Looking at August/September of this year time frame realistically before I fire up the motor and start tuning it and having some fun with it.

Honestly, those 3 years felt like 30. Lot's of life-stuff going on over those 3 years with a good dose of lack-of-interest and of course the huge financial aspects that come with these types of builds. Basically I have (4) major parts orders spread out over 4 months left to complete the engine, transmission, & suspension and get the car tuned & running.

There are guys going on 9 year builds......so I'm doin OKAY by comparison I guess....lol.

I hope he never finishes so that we can keep receiving updates on the most ocd build I've ever seen

The OCD part is definitely present. It's actually getting worse as I get closer to finishing so I'm kind of pushing myself to just get it 90-95% good and move on cause the extra effort isn't worth the time delay. The trick is to know when it's good enough but that's a metaphor for life I suppose.

But glad you enjoy the updates and I'll keep them coming until the build finishes up.

 

[pboglio]

Just stumbled upon some turbo heat-shields for the Juke.

I haven't tried any of the Juke turbo blankets sold thru 2J or FR but actually the Honda Type-R 2017+ FK8 engine uses a stock turbo shaped a heck of a lot like the stock/Mamba style turbos. Juke has kind of a wide turbine housing basically which is tough to find a turbo blanket that fits properly. The turbo blankets below look like it would fit a Mamba turbo fairly good but a test fitment might be needed.

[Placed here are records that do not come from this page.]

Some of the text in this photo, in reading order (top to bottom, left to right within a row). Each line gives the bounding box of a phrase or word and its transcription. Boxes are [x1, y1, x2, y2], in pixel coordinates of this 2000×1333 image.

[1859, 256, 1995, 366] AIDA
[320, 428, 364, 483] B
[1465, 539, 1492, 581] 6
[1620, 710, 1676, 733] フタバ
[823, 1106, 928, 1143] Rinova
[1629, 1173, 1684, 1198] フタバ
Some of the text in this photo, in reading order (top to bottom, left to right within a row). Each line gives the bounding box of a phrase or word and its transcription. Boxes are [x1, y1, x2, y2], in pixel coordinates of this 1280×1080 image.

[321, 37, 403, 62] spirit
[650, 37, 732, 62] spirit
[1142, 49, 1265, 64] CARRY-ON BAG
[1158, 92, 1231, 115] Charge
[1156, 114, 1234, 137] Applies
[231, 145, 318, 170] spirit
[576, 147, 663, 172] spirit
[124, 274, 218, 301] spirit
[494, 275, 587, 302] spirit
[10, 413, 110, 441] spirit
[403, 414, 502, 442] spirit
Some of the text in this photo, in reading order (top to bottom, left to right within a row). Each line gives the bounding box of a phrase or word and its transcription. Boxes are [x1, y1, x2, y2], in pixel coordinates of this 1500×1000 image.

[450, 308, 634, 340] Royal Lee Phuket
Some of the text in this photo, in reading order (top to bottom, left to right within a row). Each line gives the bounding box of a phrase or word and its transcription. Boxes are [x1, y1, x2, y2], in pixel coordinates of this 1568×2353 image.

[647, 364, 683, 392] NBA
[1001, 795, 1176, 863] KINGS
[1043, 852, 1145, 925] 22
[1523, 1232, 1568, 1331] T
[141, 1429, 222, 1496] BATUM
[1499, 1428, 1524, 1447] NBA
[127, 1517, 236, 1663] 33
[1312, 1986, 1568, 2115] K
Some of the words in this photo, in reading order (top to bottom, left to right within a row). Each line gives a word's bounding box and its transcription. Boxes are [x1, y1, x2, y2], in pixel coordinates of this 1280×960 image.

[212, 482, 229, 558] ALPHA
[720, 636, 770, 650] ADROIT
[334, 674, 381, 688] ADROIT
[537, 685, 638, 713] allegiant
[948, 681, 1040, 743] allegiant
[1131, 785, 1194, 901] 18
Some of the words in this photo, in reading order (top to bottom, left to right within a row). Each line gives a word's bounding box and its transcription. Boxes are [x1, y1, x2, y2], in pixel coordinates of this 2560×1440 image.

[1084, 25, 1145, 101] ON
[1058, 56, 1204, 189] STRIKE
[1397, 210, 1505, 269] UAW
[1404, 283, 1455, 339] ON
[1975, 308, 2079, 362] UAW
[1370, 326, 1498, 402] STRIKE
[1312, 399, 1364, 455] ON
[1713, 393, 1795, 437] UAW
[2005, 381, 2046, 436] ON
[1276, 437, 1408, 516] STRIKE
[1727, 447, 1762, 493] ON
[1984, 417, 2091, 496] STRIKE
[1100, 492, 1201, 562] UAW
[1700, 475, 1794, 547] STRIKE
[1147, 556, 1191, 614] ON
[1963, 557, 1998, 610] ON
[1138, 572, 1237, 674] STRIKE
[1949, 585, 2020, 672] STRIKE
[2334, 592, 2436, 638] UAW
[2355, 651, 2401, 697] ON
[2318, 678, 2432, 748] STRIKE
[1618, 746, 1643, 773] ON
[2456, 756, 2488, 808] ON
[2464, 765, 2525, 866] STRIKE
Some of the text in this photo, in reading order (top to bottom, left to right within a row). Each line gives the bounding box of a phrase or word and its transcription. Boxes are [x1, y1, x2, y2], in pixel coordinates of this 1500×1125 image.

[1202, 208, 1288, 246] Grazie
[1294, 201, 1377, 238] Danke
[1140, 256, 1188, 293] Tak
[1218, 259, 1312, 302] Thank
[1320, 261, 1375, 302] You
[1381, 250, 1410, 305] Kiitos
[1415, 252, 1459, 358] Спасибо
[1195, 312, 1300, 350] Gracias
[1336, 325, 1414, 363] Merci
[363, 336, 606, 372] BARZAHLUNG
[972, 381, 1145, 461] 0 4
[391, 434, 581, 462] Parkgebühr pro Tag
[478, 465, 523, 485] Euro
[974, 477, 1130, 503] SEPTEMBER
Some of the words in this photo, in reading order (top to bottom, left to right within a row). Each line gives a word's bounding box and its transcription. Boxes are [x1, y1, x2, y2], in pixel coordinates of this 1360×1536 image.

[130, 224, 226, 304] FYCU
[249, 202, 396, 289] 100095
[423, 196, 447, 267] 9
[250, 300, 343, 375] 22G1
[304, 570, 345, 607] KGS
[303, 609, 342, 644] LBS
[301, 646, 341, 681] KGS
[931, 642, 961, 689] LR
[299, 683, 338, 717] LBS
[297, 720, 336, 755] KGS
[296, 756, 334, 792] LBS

My thinking process on these turbo blankets is maybe to do something a little different. I like the look of them, but I seriously don't like the safety aspect. These typically also don't last too long either before they burn out. That also means I'd have to carry a fire extinguisher in the vehicle just in case. So the thought is actually to wrap the stock heat-shield which would also be double-ceramic coated (inside/outside) with this turbo blanket to give it some bling and some additional heat shielding to boot. The typical fancy expensive Inconel heat shielding actually use an Inconel inner shell, internal heat-insulating blanket, then an outer Inconel shell. So this isn't too much different except the turbo blanket is just left exposed which it's designed for anyway. The idea here is to maintain the critical air-gap space above the turbine housing using the stock ceramic coated heat-shielding to keep the surface temps way down to avoid burning the turbo blanket while it does it's heat insulating thing and if nothing else just looks plain better. The other positive aspect is that there is some heat dissipation that would occur out the exposed sides to avoid over-cooking the turbo and cracking it.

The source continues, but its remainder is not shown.